Cette intégration de la Géorgie, patrie de Staline, dans l’OTAN serait considérée par la Russie comme une provocation supplémentaire des occidentaux, inféodés aux intérêts américains. L’intégration est, en effet, ardemment et ouvertement souhaitée par les géopoliticiens américains. Ces conseillers, que l’on retrouve aussi bien dans les camps conservateurs que démocrates, considèrent, en effet, que le maintien en l’état de la division de l’Heartland est un impératif stratégique car il assure la suprématie des États-Unis, leader du Rimland [2].
Face à cette perspective, la France doit user de son influence nouvelle dans l’Alliance et dans l’OTAN pour s’opposer de toutes ses forces à la perspective d’une entrée de la Géorgie dans l’Alliance atlantique.
Mikheïl Saakachvili est très affaibli en Géorgie. Il essaie par cette visite de redorer son blason, au moment où il est très critiqué au sein même de son parti. En effet, face à une opposition grandissante que plusieurs coups politiques et médiatiques ratés ont renforcé, le nouveau maire de Tbilissi, Guigui Ougoulava, 35 ans, apparaît à beaucoup des responsables du parti au pouvoir comme le seul capable de leur éviter une défaite aux élections présidentielles de 2013.
De son coté, par cette invitation, Obama démontre qu’à Washington les considérations géopolitiques pèsent toujours plus lourd que les idéaux démocratiques.
7 ans de pouvoir de Saakachvili en Géorgie ou une espérance démocratique déçue
7 ans après son élection triomphale à la Présidence de la République, Saakachvili, qui avait été nommé en 1997 « homme de l’année » par un panel de journalistes et de tenants des Droits de l’homme, est devenu en 2012 un Président prêt à tout pour se maintenir au pouvoir.

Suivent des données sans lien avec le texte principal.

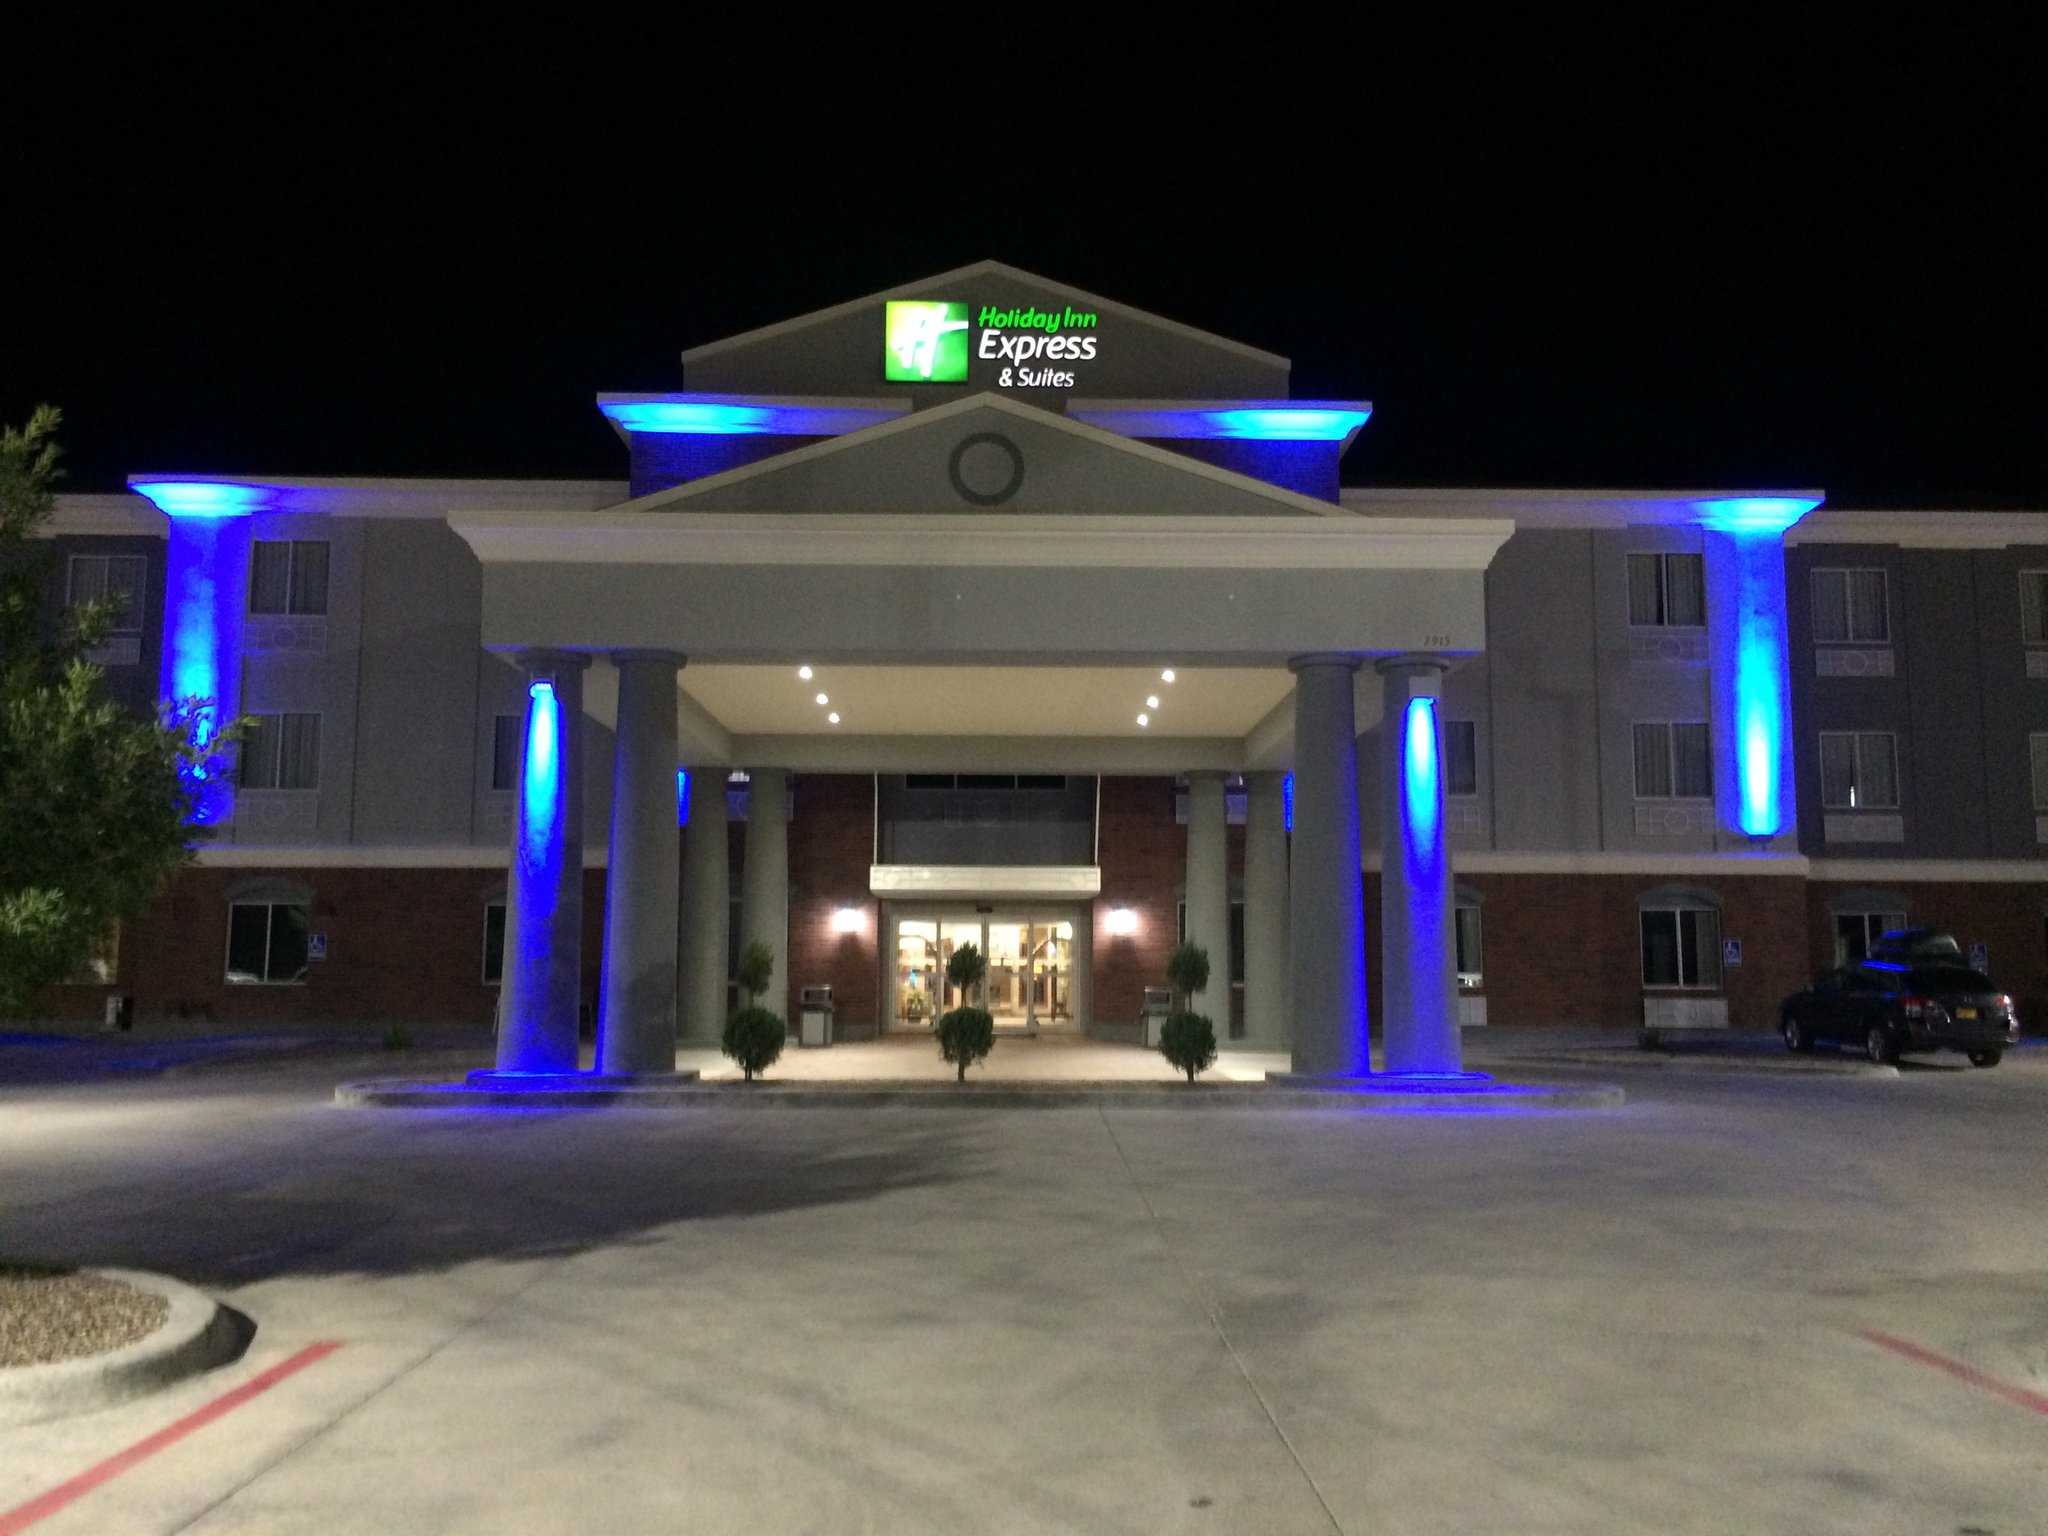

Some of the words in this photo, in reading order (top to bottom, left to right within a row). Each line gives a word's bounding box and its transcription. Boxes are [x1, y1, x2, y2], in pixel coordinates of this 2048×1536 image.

[978, 306, 1059, 333] Holiday
[1064, 306, 1097, 328] Inn
[978, 329, 1097, 366] Express
[998, 367, 1013, 388] &
[1017, 367, 1074, 388] Suites

Cette opposition et les tensions intérieures en Géorgie ont grandi avec les derniers coups de poker manqués qu’il a tentés notamment pour réaliser l’un de ses objectifs prioritaires : obtenir le retour des provinces perdues, créant à cet effet, un ministère de la réintégration, dès son accession au pouvoir en 2004.
Ses deux premiers coups de poker avaient pourtant été des succès mais ils lui ont fait perdre toute mesure. En mai 2004, par un mélange d’action psychologique et de pression militaire, il était parvenu à chasser du pouvoir d’Adjarie le président Abachidze qui avait proclamé l’indépendance. En 2007, il avait obtenu la fermeture de la base russe de Batoumi que Moscou avait finalement acceptée en gage de la normalisation des rapports entre les deux pays.

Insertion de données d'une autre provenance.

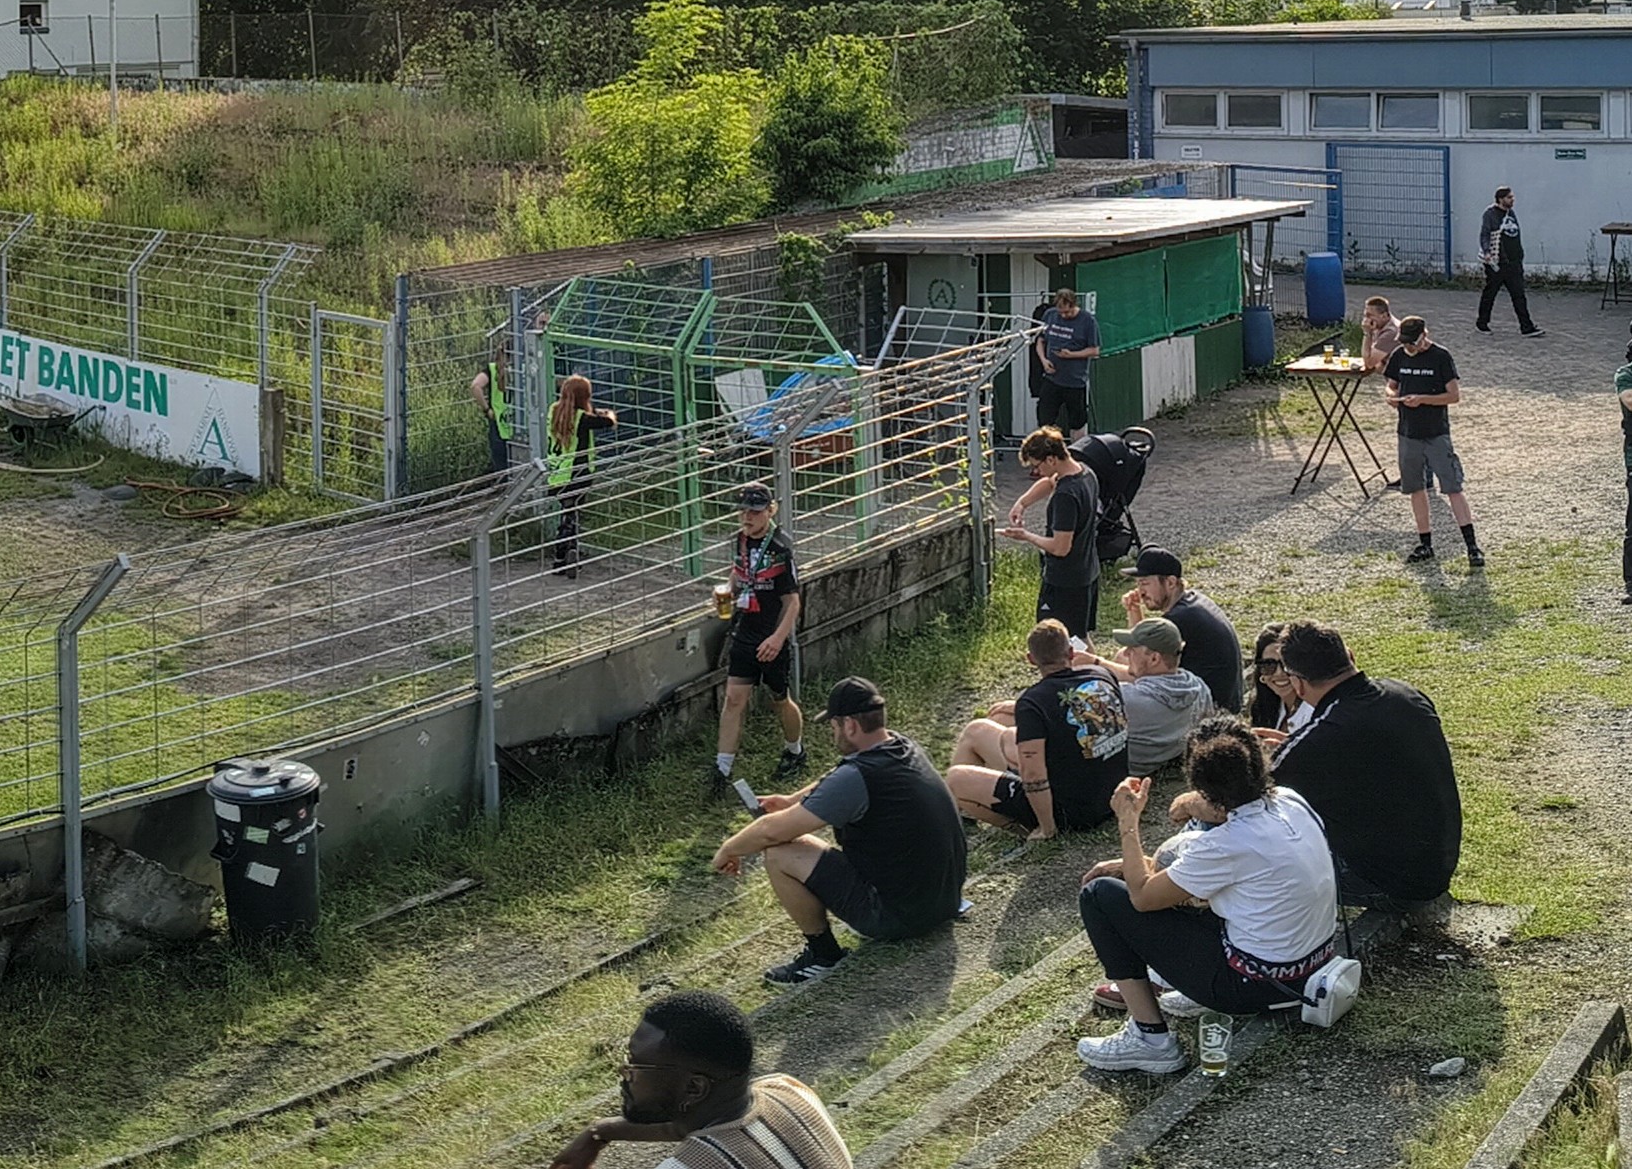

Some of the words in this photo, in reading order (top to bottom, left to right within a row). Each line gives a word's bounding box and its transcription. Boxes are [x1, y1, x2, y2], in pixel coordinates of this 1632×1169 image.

Dès lors, l’Abkhazie et l’Ossétie étaient devenus ses prochains objectifs.
Mais les Ossètes ne sont les Abkhazes. Le peuple Ossète se sent, depuis plusieurs siècles, plus proches des Russes [3] que des Géorgiens. Déjà en 1991 la Géorgie avait essayé, sans succès, de s’emparer de Tskhinvali, capitale de l’Ossétie du Sud. Moscou, en réponse aux objectifs de réintégration de Saakahvili, avait, depuis 2004, fourni un passeport russe à tous les Ossètes du Sud ce qui en faisait de fait des citoyens russes, la Russie ne reconnaissant pas la double nationalité.

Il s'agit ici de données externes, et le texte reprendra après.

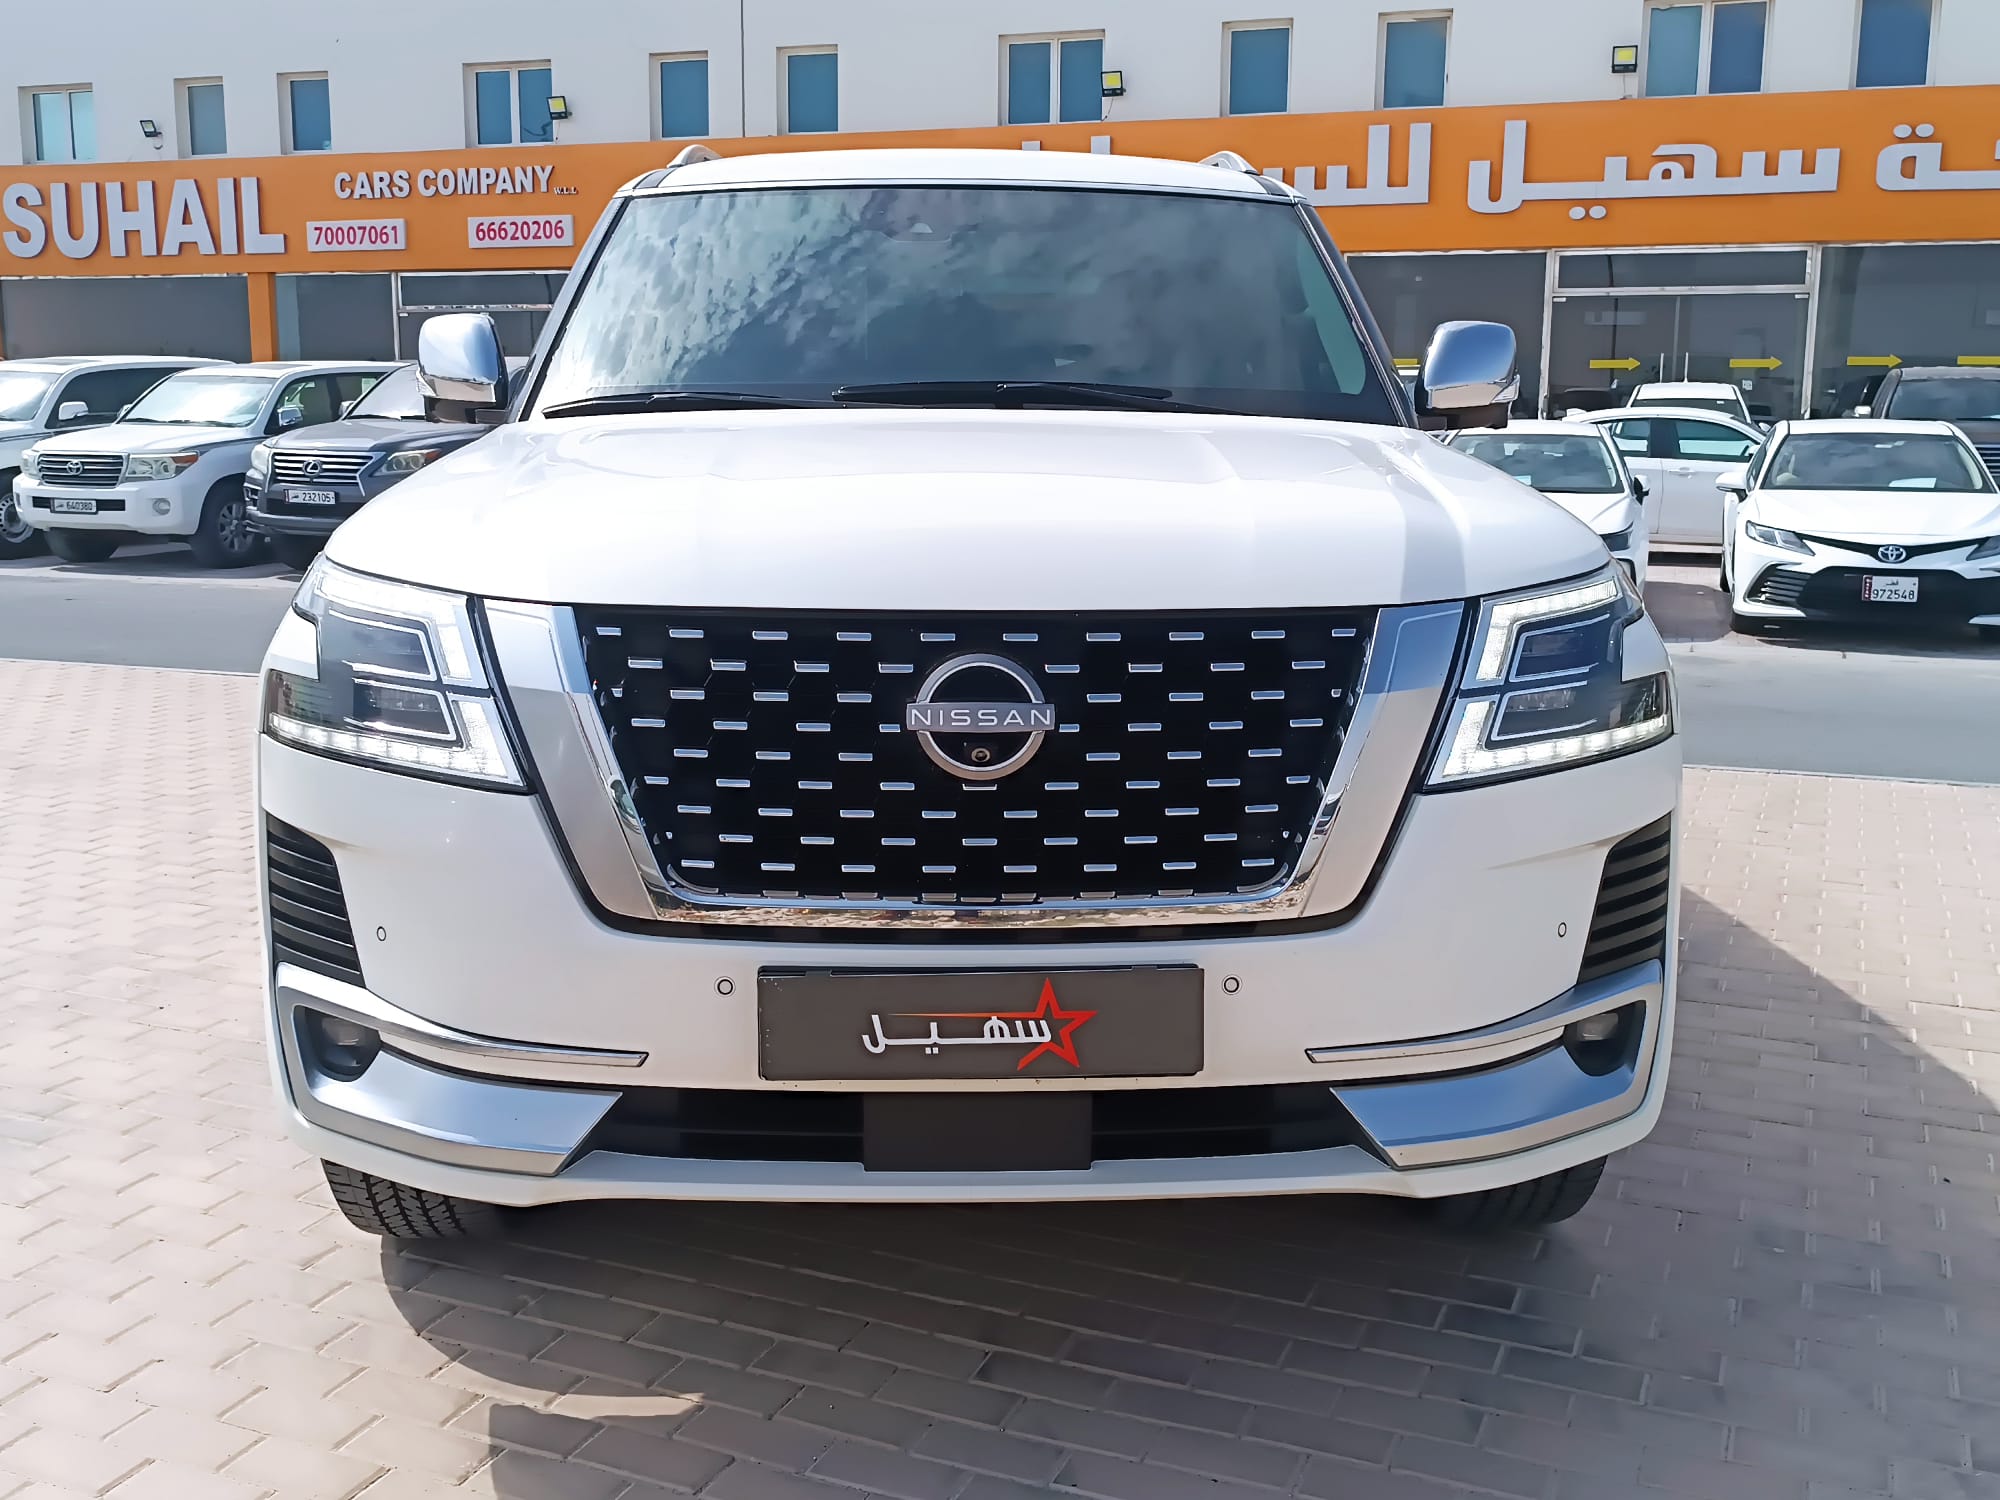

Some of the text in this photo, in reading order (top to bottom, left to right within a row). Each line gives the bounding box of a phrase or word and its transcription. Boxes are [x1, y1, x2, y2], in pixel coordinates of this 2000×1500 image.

[334, 170, 411, 200] CARS
[417, 165, 554, 197] COMPANY
[1467, 119, 1841, 220] سهيل
[2, 176, 286, 259] SUHAIL
[475, 220, 565, 242] 66620206
[313, 225, 399, 246] 70007061
[1872, 588, 1915, 600] 972548
[910, 707, 1053, 727] NISSAN
[861, 1012, 1052, 1055] سهيل

Dans la nuit du 7 au 8 août 2008, après plusieurs jours d’accrochages frontaliers entre séparatistes ossètes et armée régulière géorgienne, conforté par la tenue un mois plus tôt de manœuvres conjointes avec les forces américaines sur sol et la présence d’instructeurs américains dans son armée, Saakachvili [4] lançait les troupes géorgiennes à l’assaut de l’Ossétie du Sud causant plus de 150 victimes sud-ossètes, ainsi que des morts et des blessés dans les forces de maintien de la paix de la CEI, à prépondérance russe. S’appuyant sur le droit de protéger les ressortissants russes, la riposte de Moscou fut rapide et brutale. L’armée géorgienne fut mise en déroute après 4 jours de combat et la route de Tlibissi était ouverte. Le président Sarkozy, qui présidait l’Union européenne, obtenait un arrêt des combats et un retrait des forces russes mais, en contrepartie, la Russie s’estima désormais en droit de reconnaitre et de protéger l’indépendance de l’Ossétie du Sud et de l’Abkazie.
En décembre 2009, dans la ville géorgienne de Koutaïssi, Saakachvili décidait de dynamiter un monument russe, dédié à la mémoire des morts de la Seconde Guerre mondiale. Pour couper court aux critiques au sein même de son gouvernement et de la Russie, il prenait, dans la précipitation d’avancer, cette destruction de trois jours. Mal préparée, l’explosion provoquait la mort accidentelle d’une fillette de sept ans et de sa mère.
Autre coup de poker manqué, l’opposition géorgienne découvrait, le samedi 13 mars 2010, qu’elle était vendue aux Russes. En effet, ce soir-là, une des principales chaînes de télévision du pays, Imedi (Espoir), considérée comme la voix du pouvoir, annonçait que l’armée russe venait d’envahir la Géorgie, que le président Mikhaïl Saakachvili avait été assassiné et que les leaders de l’opposition s’inclinaient devant Moscou. Il fallait être à l’écoute avant 20 heures pour savoir que ce n’était qu’une fiction. Un vent de panique s’emparait d’une partie de la population : les réseaux téléphoniques étaient saturés. Une station-service était même dévalisée à Gori… Ce qui devait être un coup médiatique pour discréditer l’opposition se retourna contre Saakachvili. Du patriarche de l’église orthodoxe, à des figures de la société civile, les critiques furent nombreuses. Les diplomates occidentaux fustigèrent Imedi. John Bass, ambassadeur américain, dénonça l’irresponsabilité de la chaine, d’autant que l’émission contenait une déclaration truquée de Barack Obama. Le ministère des Affaires étrangères russe qualifia d’« irresponsable et immorale » cette « provocation » « qui n’aurait pas pu être préparée sans le concours des autorités ».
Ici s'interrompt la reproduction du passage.